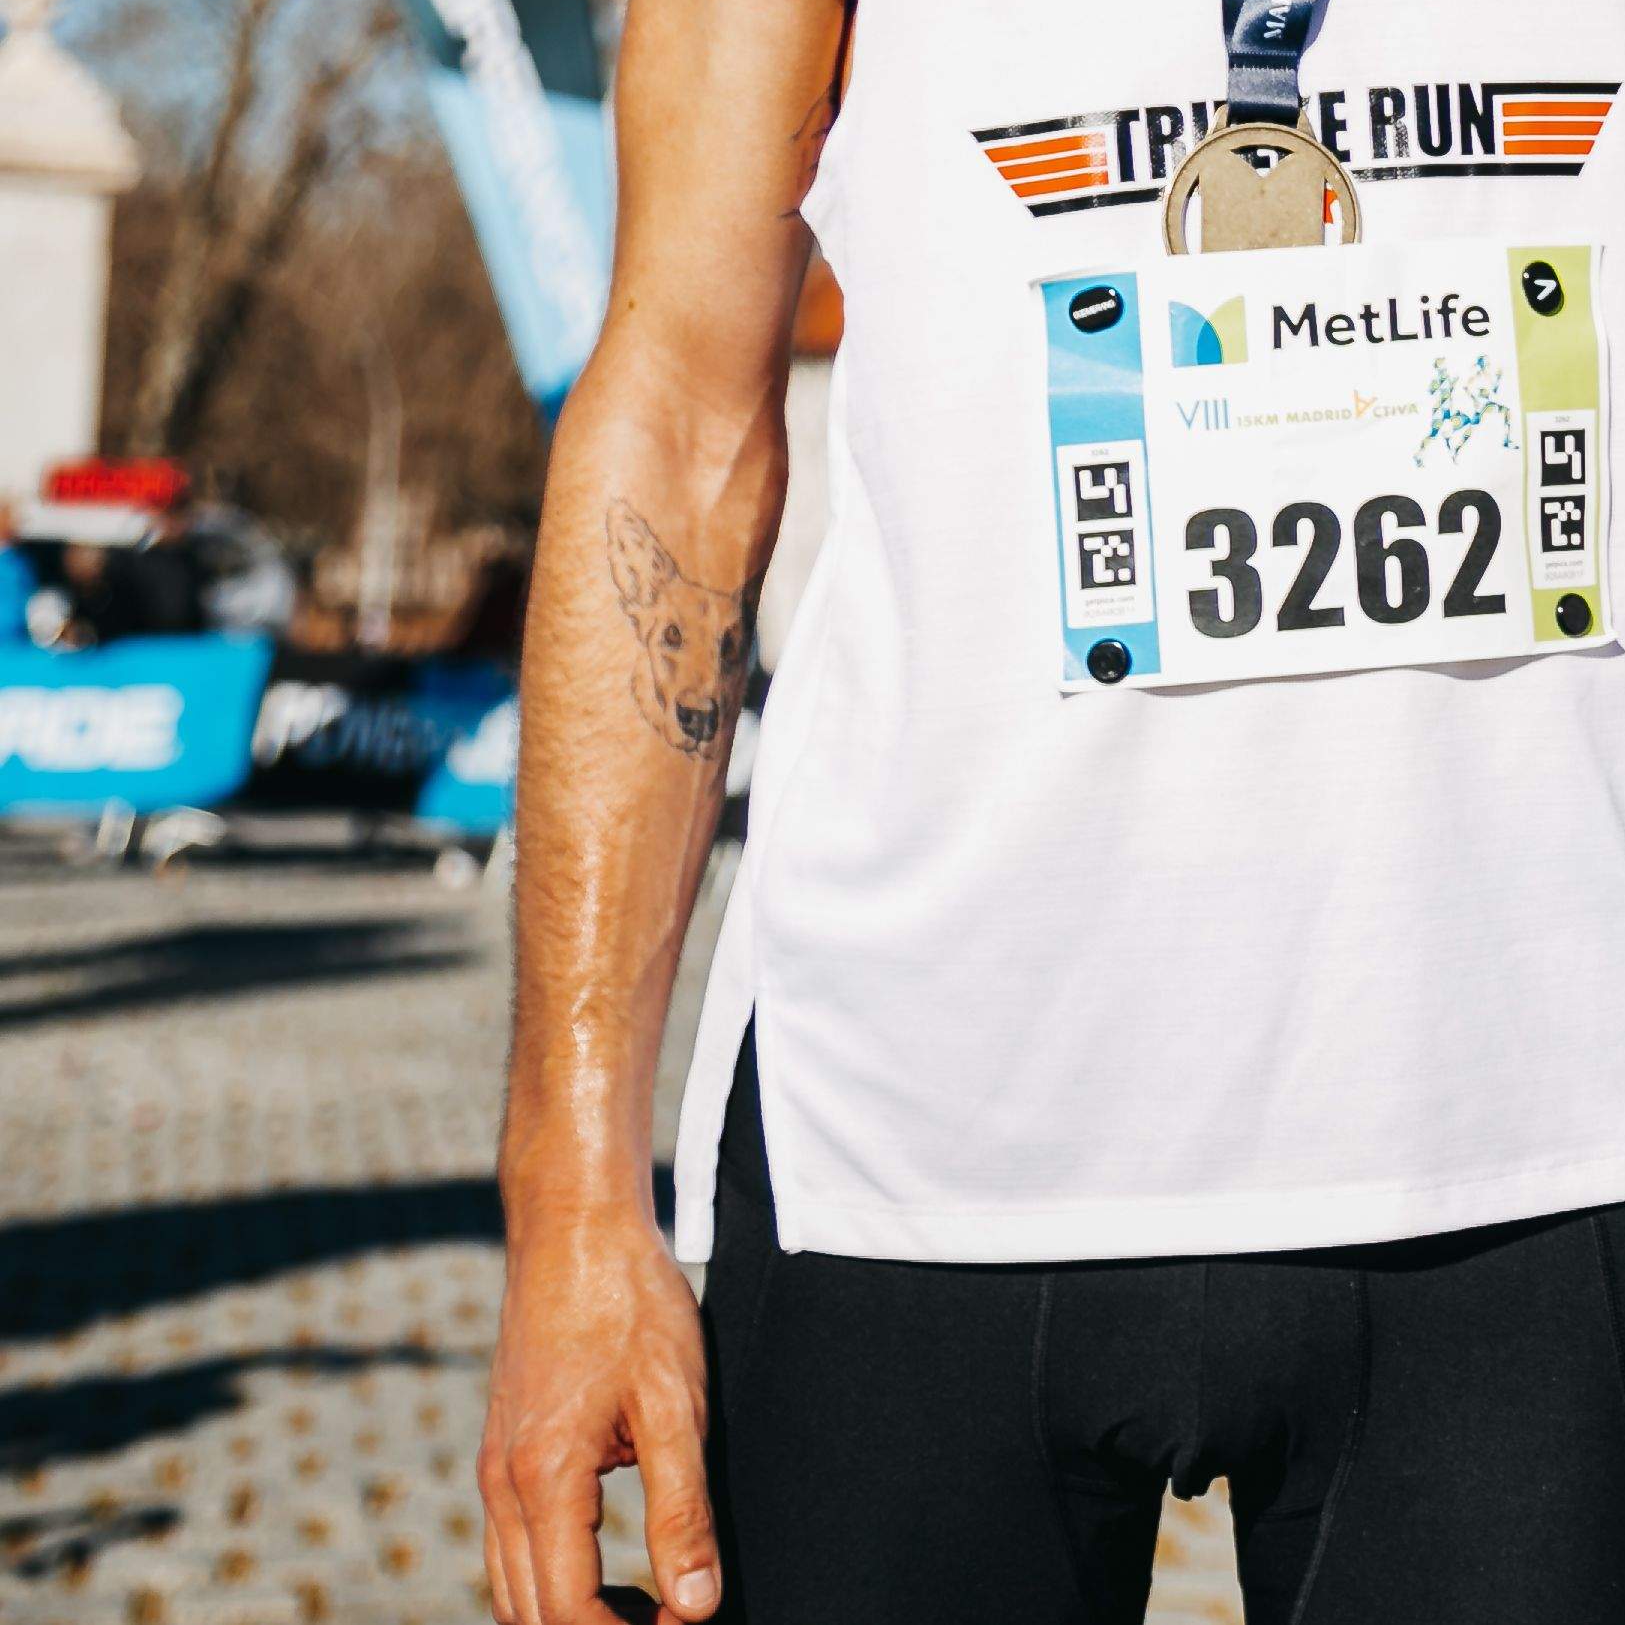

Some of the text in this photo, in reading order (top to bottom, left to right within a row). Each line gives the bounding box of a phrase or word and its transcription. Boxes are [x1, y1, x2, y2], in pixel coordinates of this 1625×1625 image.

[1370, 83, 1496, 160] RUN
[1272, 293, 1490, 350] MetLife
[1175, 398, 1231, 431] VIII
[1236, 414, 1279, 428] 15KM
[1286, 408, 1352, 424] MADRID
[1184, 488, 1506, 639] 3262
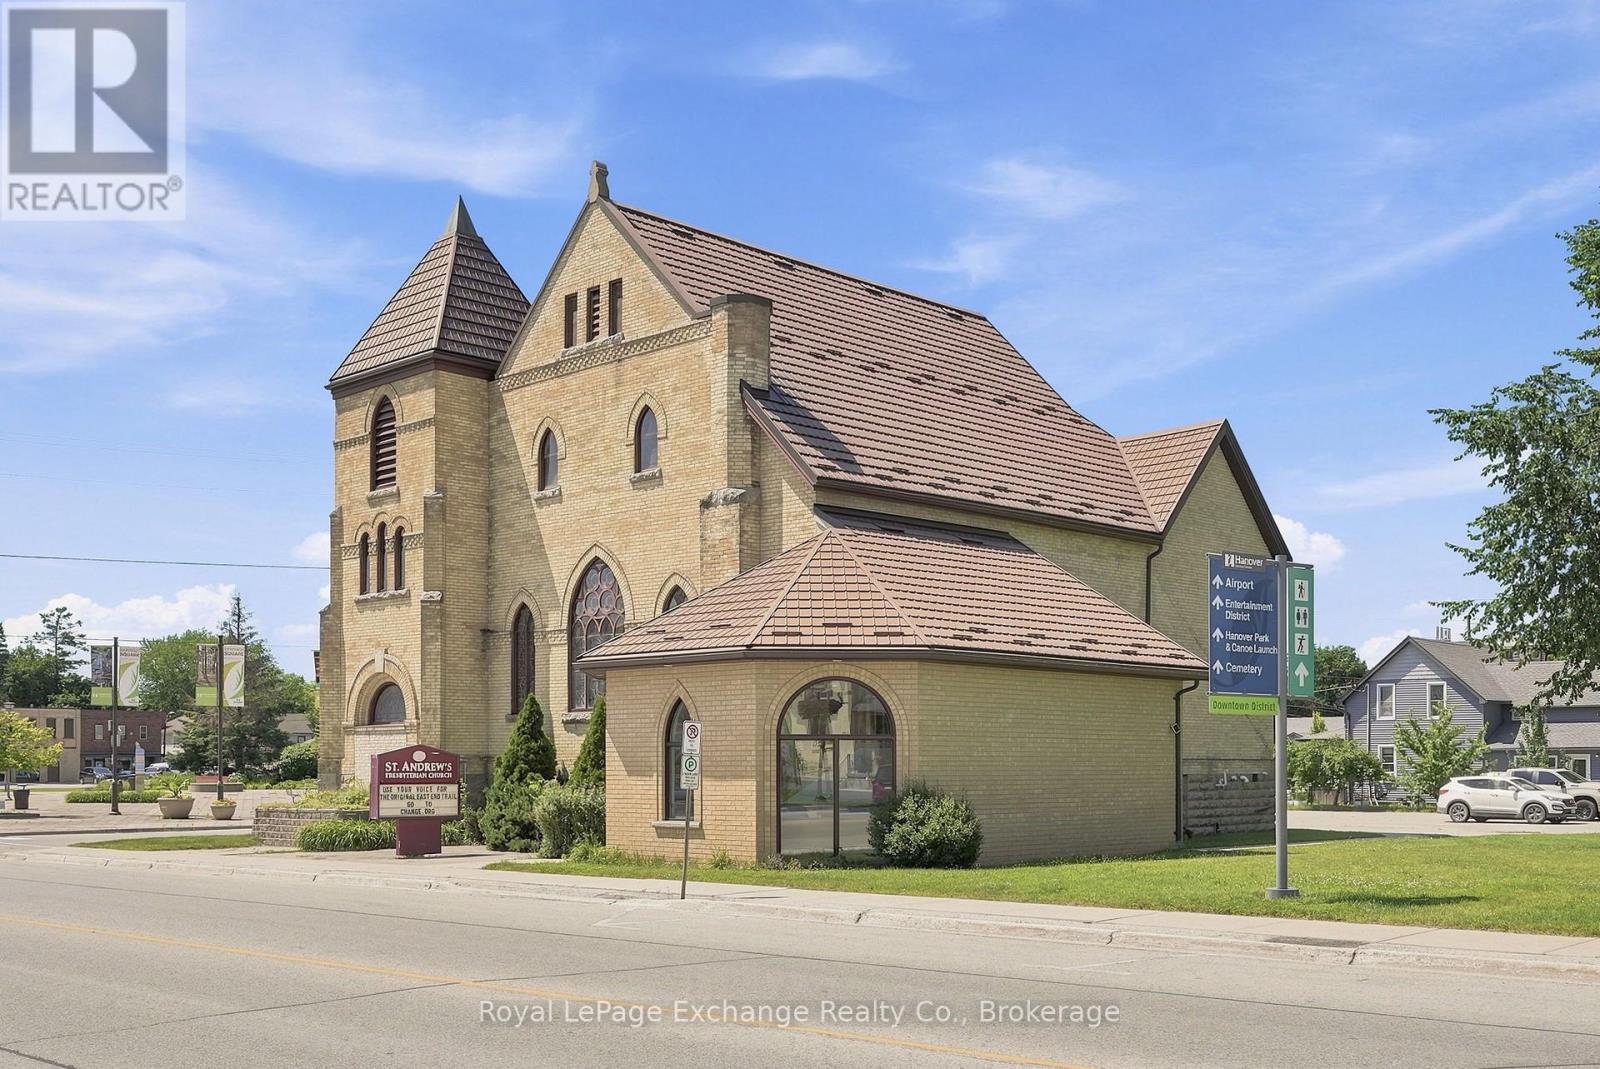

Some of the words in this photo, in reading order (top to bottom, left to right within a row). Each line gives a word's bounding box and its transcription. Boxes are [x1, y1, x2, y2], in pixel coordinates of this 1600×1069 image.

[1235, 554, 1264, 567] Hanover
[1226, 577, 1254, 591] Airport
[1225, 599, 1273, 612] Entertainment
[1225, 611, 1251, 622] District
[1225, 630, 1254, 642] Hanover
[1254, 632, 1270, 643] Park
[1225, 643, 1231, 652] &
[1231, 643, 1253, 653] Canoe
[1253, 645, 1278, 656] Launch
[1225, 662, 1263, 677] Cemetery
[1212, 700, 1250, 712] Downtown
[1251, 702, 1277, 712] District
[385, 761, 400, 772] ST.
[401, 761, 452, 772] ANDREW'S
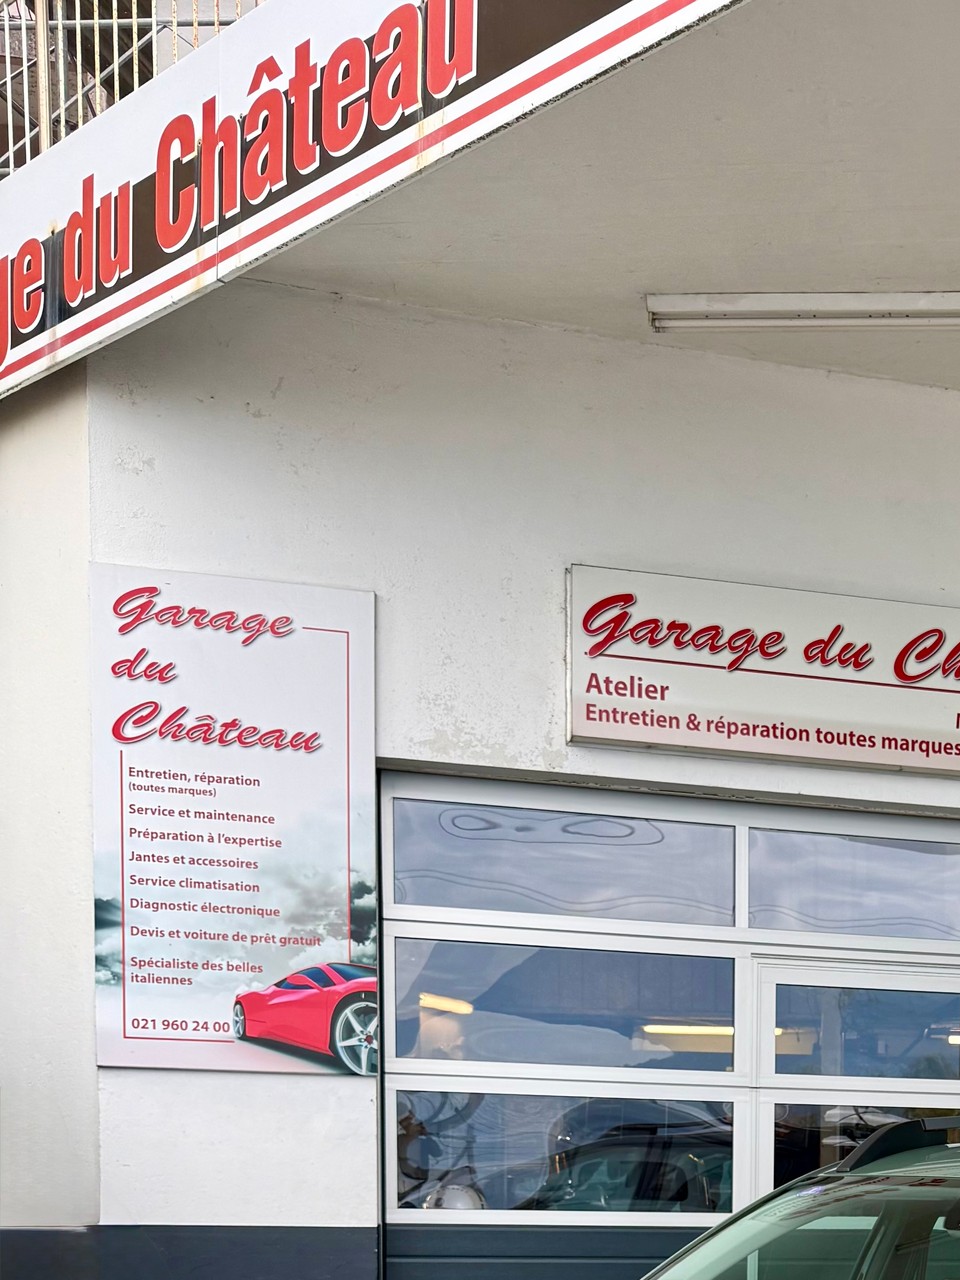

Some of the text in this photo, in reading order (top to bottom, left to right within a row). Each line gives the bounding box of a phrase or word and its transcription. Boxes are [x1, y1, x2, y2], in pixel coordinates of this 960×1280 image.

[63, 173, 132, 308] du
[155, 0, 480, 253] Château
[112, 586, 298, 646] Garage
[582, 593, 787, 671] Garage
[803, 623, 874, 671] du
[110, 647, 176, 684] du
[585, 672, 670, 701] Atelier
[112, 701, 323, 753] Château
[585, 703, 680, 730] Entretien
[686, 713, 701, 731] &
[706, 715, 810, 742] réparation
[816, 726, 876, 749] toutes
[128, 767, 261, 787] Entretien, réparation
[128, 782, 217, 798] (toutes marques)
[129, 804, 275, 824] Service et maintenance
[129, 828, 204, 842] Préparation
[207, 832, 215, 843] à
[128, 851, 259, 870] Jantes et accessoires
[129, 874, 260, 893] Service climatisation
[130, 898, 280, 919] Diagnostic électronique
[130, 926, 322, 947] Devis et voiture de prêt gratuit
[130, 956, 263, 973] Spécialiste des belles
[130, 972, 193, 985] italiennes
[131, 1018, 231, 1033] 021 960 24 00
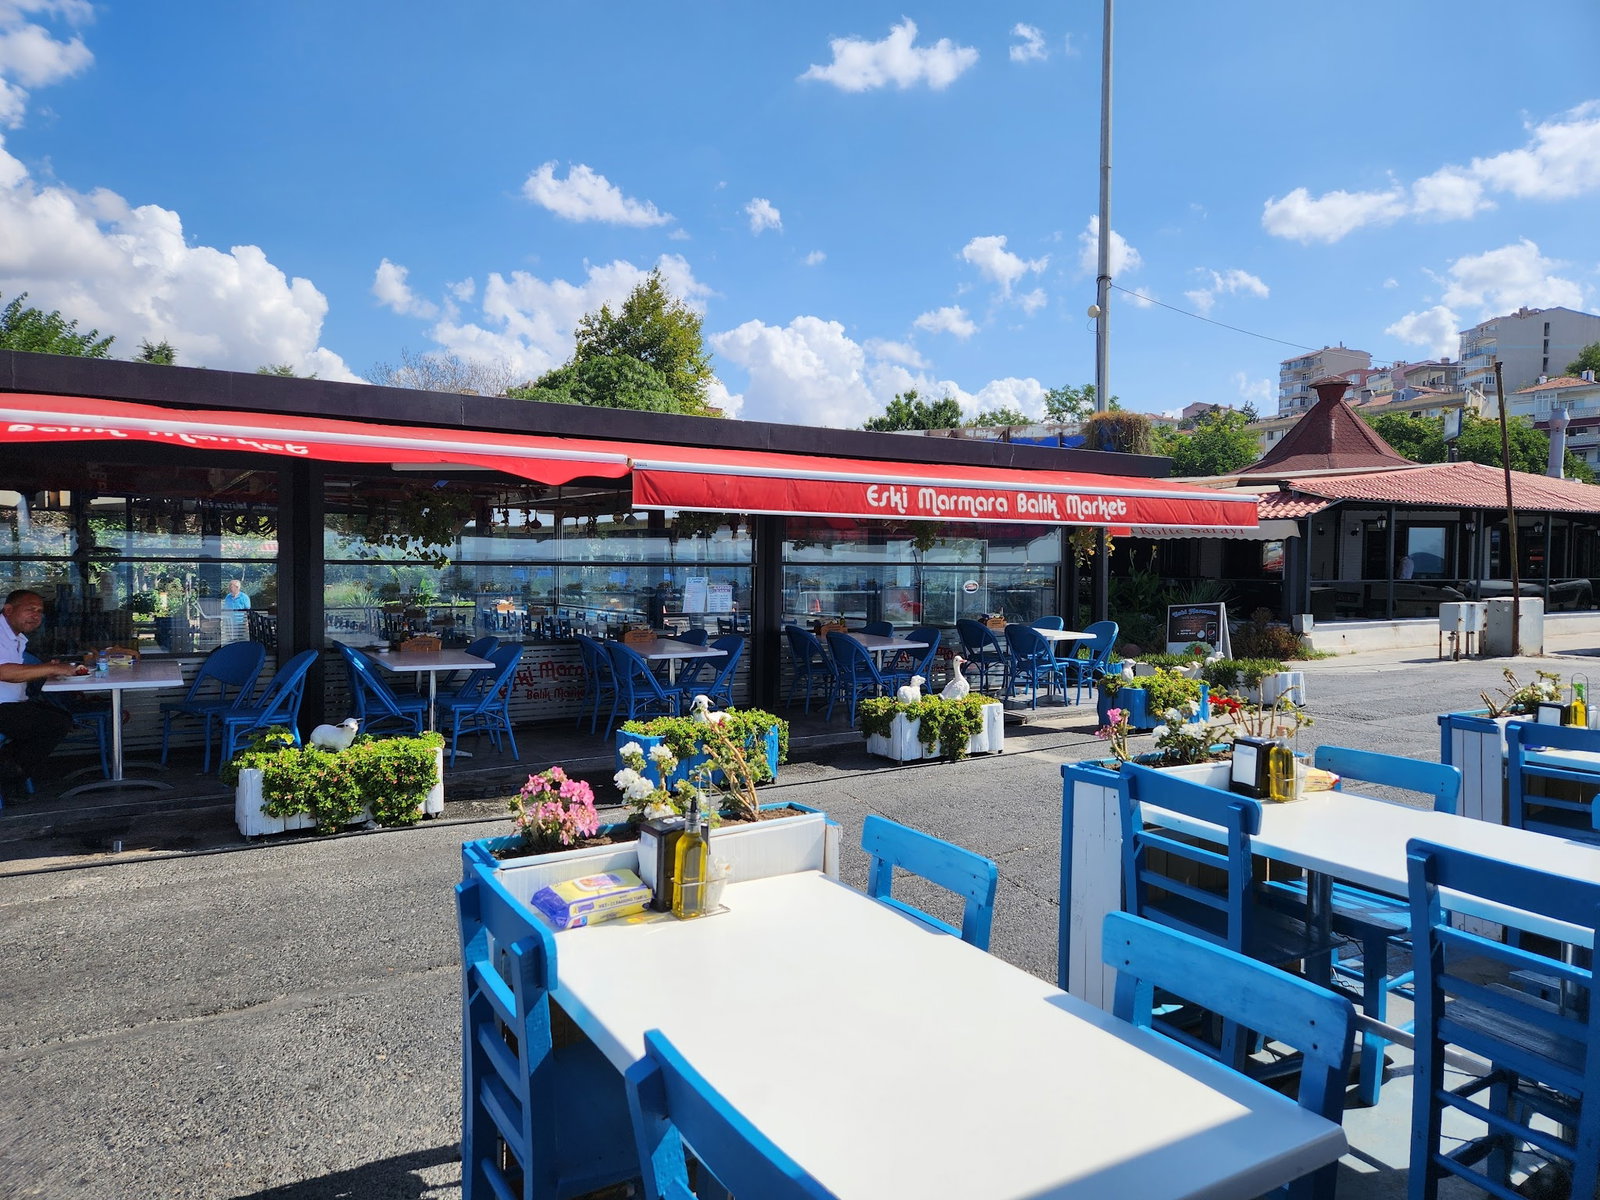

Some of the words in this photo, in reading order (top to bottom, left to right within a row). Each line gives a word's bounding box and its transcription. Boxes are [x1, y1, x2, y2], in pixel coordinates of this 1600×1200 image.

[866, 485, 908, 514] Eski
[918, 488, 1008, 517] Marmara
[1066, 495, 1127, 520] Market

_INSTRUCTIONS FOR THE TASK:_
Give the records again exactly, without pictures.

_ANSWER BELOW:_
Some of the text in this photo, in reading order (top to bottom, left to right within a row). Each line gives the bounding box of a phrase or word and its transcription. Boxes are [x1, y1, x2, y2], in pixel coordinates of this 1625×1625 image.

[1370, 83, 1496, 160] RUN
[1272, 293, 1490, 350] MetLife
[1175, 398, 1231, 431] VIII
[1236, 414, 1279, 428] 15KM
[1286, 408, 1352, 424] MADRID
[1184, 488, 1506, 639] 3262

Some of the words in this photo, in reading order (top to bottom, left to right within a row). Each line gives a word's bounding box and its transcription. Boxes are [x1, y1, x2, y2], in pixel coordinates of this 1600×1069 image.

[1235, 554, 1264, 567] Hanover
[1226, 577, 1254, 591] Airport
[1225, 599, 1273, 612] Entertainment
[1225, 611, 1251, 622] District
[1225, 630, 1254, 642] Hanover
[1254, 632, 1270, 643] Park
[1225, 643, 1231, 652] &
[1231, 643, 1253, 653] Canoe
[1253, 645, 1278, 656] Launch
[1225, 662, 1263, 677] Cemetery
[1212, 700, 1250, 712] Downtown
[1251, 702, 1277, 712] District
[385, 761, 400, 772] ST.
[401, 761, 452, 772] ANDREW'S

Some of the text in this photo, in reading order (top to bottom, left to right within a row). Each line gives the bounding box of a phrase or word and its transcription. Boxes are [x1, y1, x2, y2], in pixel coordinates of this 960×1280 image.

[63, 173, 132, 308] du
[155, 0, 480, 253] Château
[112, 586, 298, 646] Garage
[582, 593, 787, 671] Garage
[803, 623, 874, 671] du
[110, 647, 176, 684] du
[585, 672, 670, 701] Atelier
[112, 701, 323, 753] Château
[585, 703, 680, 730] Entretien
[686, 713, 701, 731] &
[706, 715, 810, 742] réparation
[816, 726, 876, 749] toutes
[128, 767, 261, 787] Entretien, réparation
[128, 782, 217, 798] (toutes marques)
[129, 804, 275, 824] Service et maintenance
[129, 828, 204, 842] Préparation
[207, 832, 215, 843] à
[128, 851, 259, 870] Jantes et accessoires
[129, 874, 260, 893] Service climatisation
[130, 898, 280, 919] Diagnostic électronique
[130, 926, 322, 947] Devis et voiture de prêt gratuit
[130, 956, 263, 973] Spécialiste des belles
[130, 972, 193, 985] italiennes
[131, 1018, 231, 1033] 021 960 24 00

Some of the words in this photo, in reading order (top to bottom, left to right within a row). Each line gives a word's bounding box and its transcription. Boxes are [x1, y1, x2, y2], in pixel coordinates of this 1600×1200 image.

[866, 485, 908, 514] Eski
[918, 488, 1008, 517] Marmara
[1066, 495, 1127, 520] Market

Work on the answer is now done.